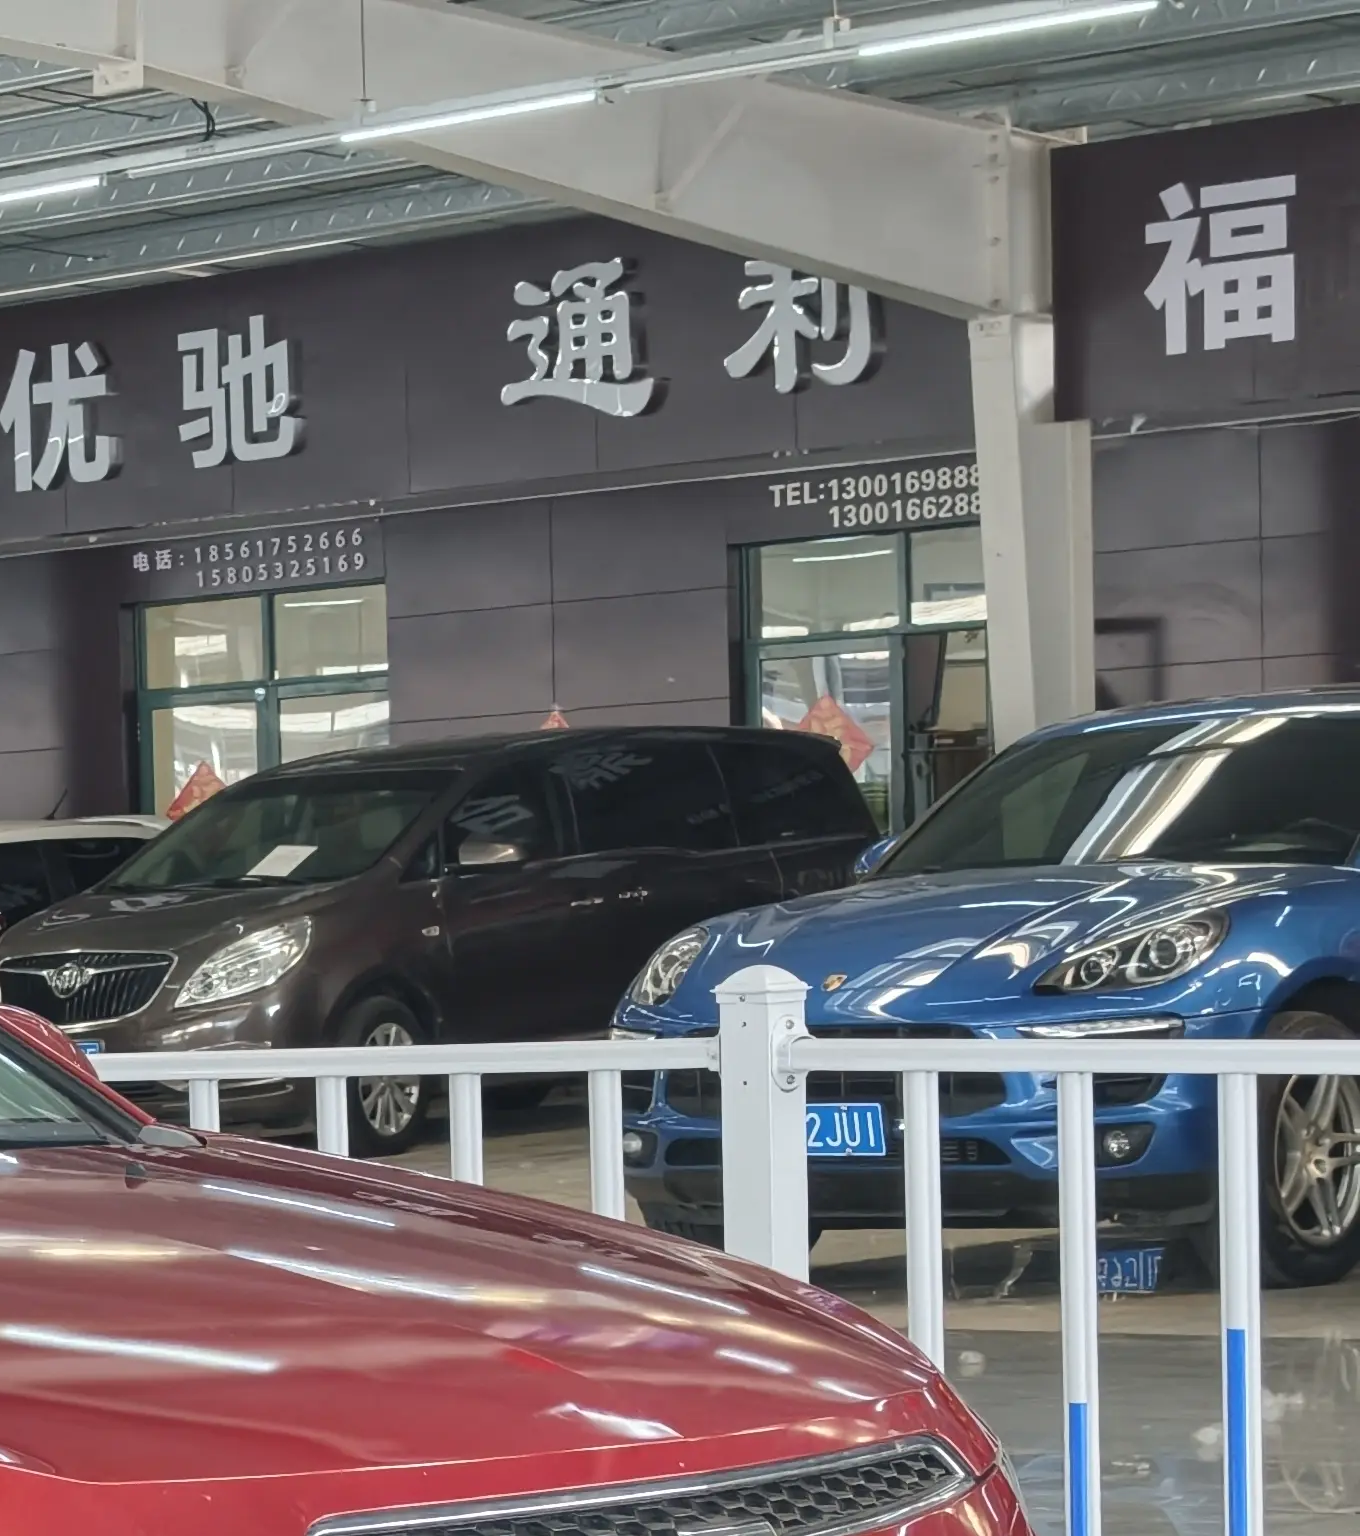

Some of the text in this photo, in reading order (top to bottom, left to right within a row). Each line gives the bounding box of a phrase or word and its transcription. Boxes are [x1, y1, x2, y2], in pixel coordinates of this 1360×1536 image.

[499, 254, 874, 417] 通利
[1142, 173, 1298, 357] 福
[195, 552, 365, 588] 15805325169
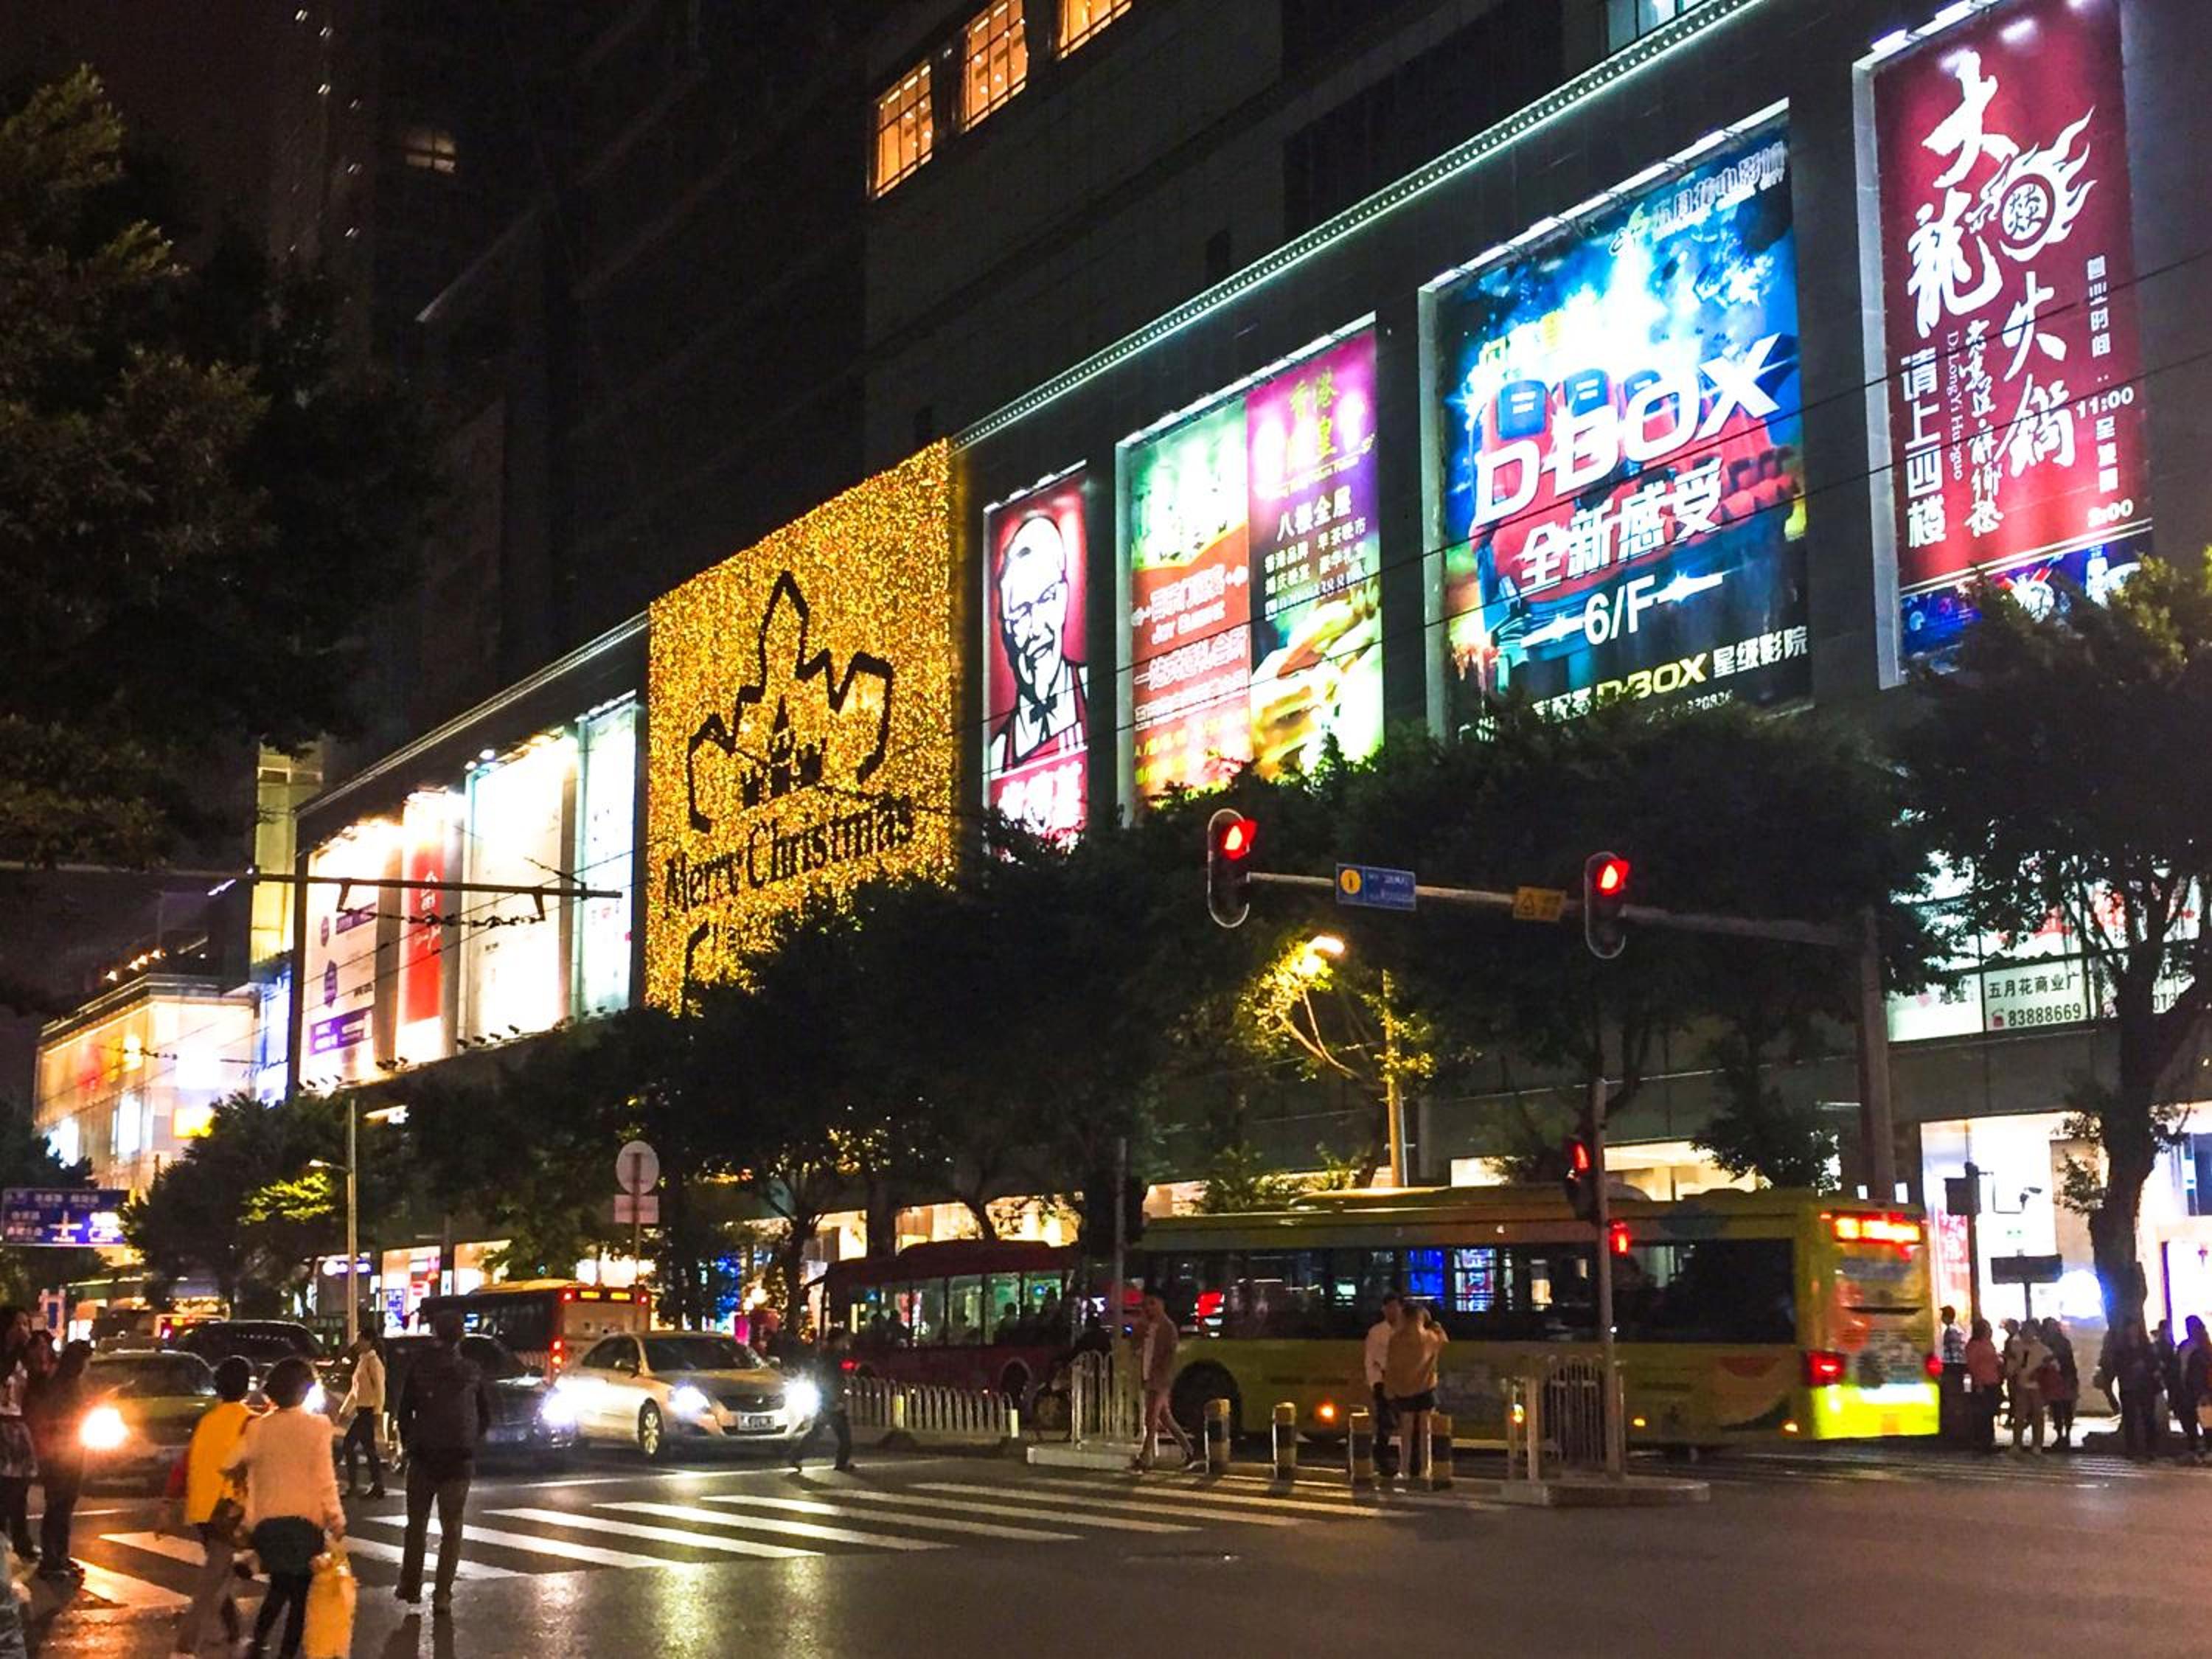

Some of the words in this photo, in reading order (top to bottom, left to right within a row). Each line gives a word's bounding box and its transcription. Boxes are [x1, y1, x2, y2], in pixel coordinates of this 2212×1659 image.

[2076, 386, 2134, 419] 11:00
[1900, 347, 1947, 547] 请上四楼
[1520, 458, 1722, 593] 全新感受
[1583, 574, 1656, 645] 6/F
[1596, 653, 1708, 712] D-BOX
[1712, 625, 1808, 678] 星级影院
[746, 794, 915, 888] Christmas
[1988, 973, 2081, 1000] 五月花商业广
[2008, 1003, 2082, 1028] 83888669
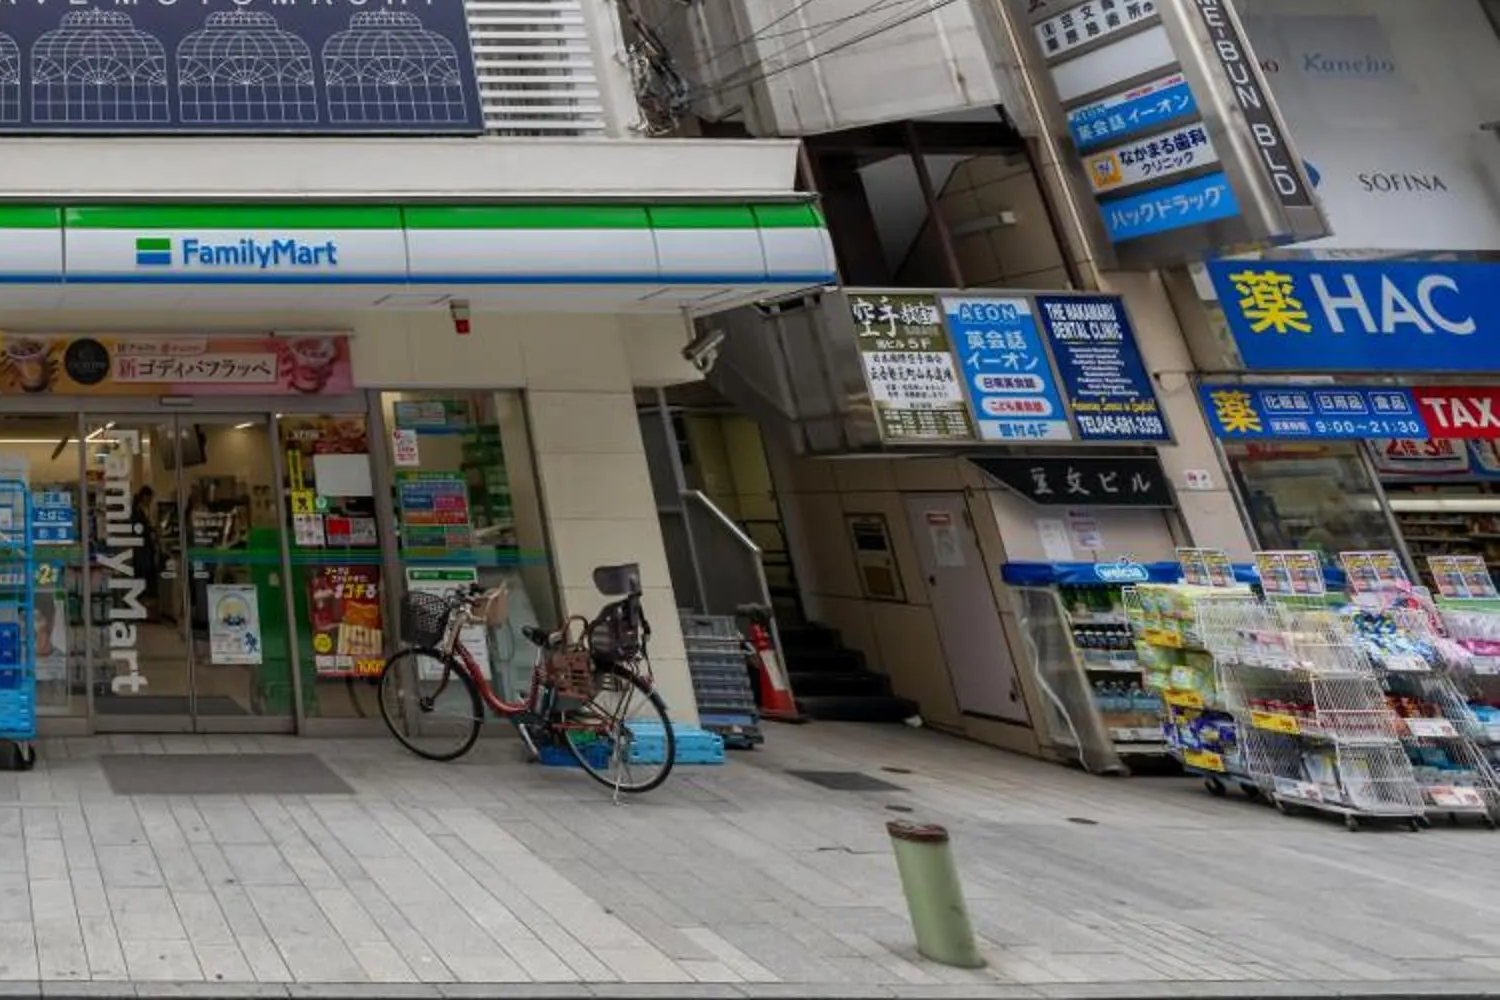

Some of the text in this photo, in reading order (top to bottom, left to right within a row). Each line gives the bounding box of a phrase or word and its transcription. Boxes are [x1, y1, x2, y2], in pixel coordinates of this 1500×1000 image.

[1303, 53, 1396, 73] Kanebo
[1119, 127, 1208, 166] なかまる歯科
[1252, 122, 1297, 195] BLD
[1141, 151, 1195, 176] クリニック
[1358, 172, 1448, 193] SOFINA
[1110, 184, 1228, 231] ハックドラッグ
[182, 238, 338, 269] FamilyMart
[852, 296, 899, 338] 空手
[958, 303, 1018, 322] AEON
[1044, 303, 1067, 320] THE
[1229, 270, 1476, 335] 薬 HAC
[964, 331, 1027, 349] 英会話
[966, 351, 1039, 370] イーオン
[1210, 390, 1263, 432] 薬
[1318, 395, 1363, 409] 日用品
[1421, 397, 1500, 429] TAX
[98, 429, 148, 694] FamilyMart
□ □ □ □
What the exercise asks
The required result is an exact copy of the lines from the line containing "Some of the words" through the end of the entries, with every picture left out.

Answer space
Some of the words in this photo, in reading order (top to bottom, left to right within a row). Each line gives a word's bounding box and its transcription. Boxes are [x1, y1, x2, y2], in pixel coordinates of this 2212×1659 image.

[2076, 386, 2134, 419] 11:00
[1900, 347, 1947, 547] 请上四楼
[1520, 458, 1722, 593] 全新感受
[1583, 574, 1656, 645] 6/F
[1596, 653, 1708, 712] D-BOX
[1712, 625, 1808, 678] 星级影院
[746, 794, 915, 888] Christmas
[1988, 973, 2081, 1000] 五月花商业广
[2008, 1003, 2082, 1028] 83888669

Some of the text in this photo, in reading order (top to bottom, left to right within a row). Each line gives the bounding box of a phrase or word and its transcription. Boxes are [x1, y1, x2, y2], in pixel coordinates of this 1500×1000 image.

[1303, 53, 1396, 73] Kanebo
[1119, 127, 1208, 166] なかまる歯科
[1252, 122, 1297, 195] BLD
[1141, 151, 1195, 176] クリニック
[1358, 172, 1448, 193] SOFINA
[1110, 184, 1228, 231] ハックドラッグ
[182, 238, 338, 269] FamilyMart
[852, 296, 899, 338] 空手
[958, 303, 1018, 322] AEON
[1044, 303, 1067, 320] THE
[1229, 270, 1476, 335] 薬 HAC
[964, 331, 1027, 349] 英会話
[966, 351, 1039, 370] イーオン
[1210, 390, 1263, 432] 薬
[1318, 395, 1363, 409] 日用品
[1421, 397, 1500, 429] TAX
[98, 429, 148, 694] FamilyMart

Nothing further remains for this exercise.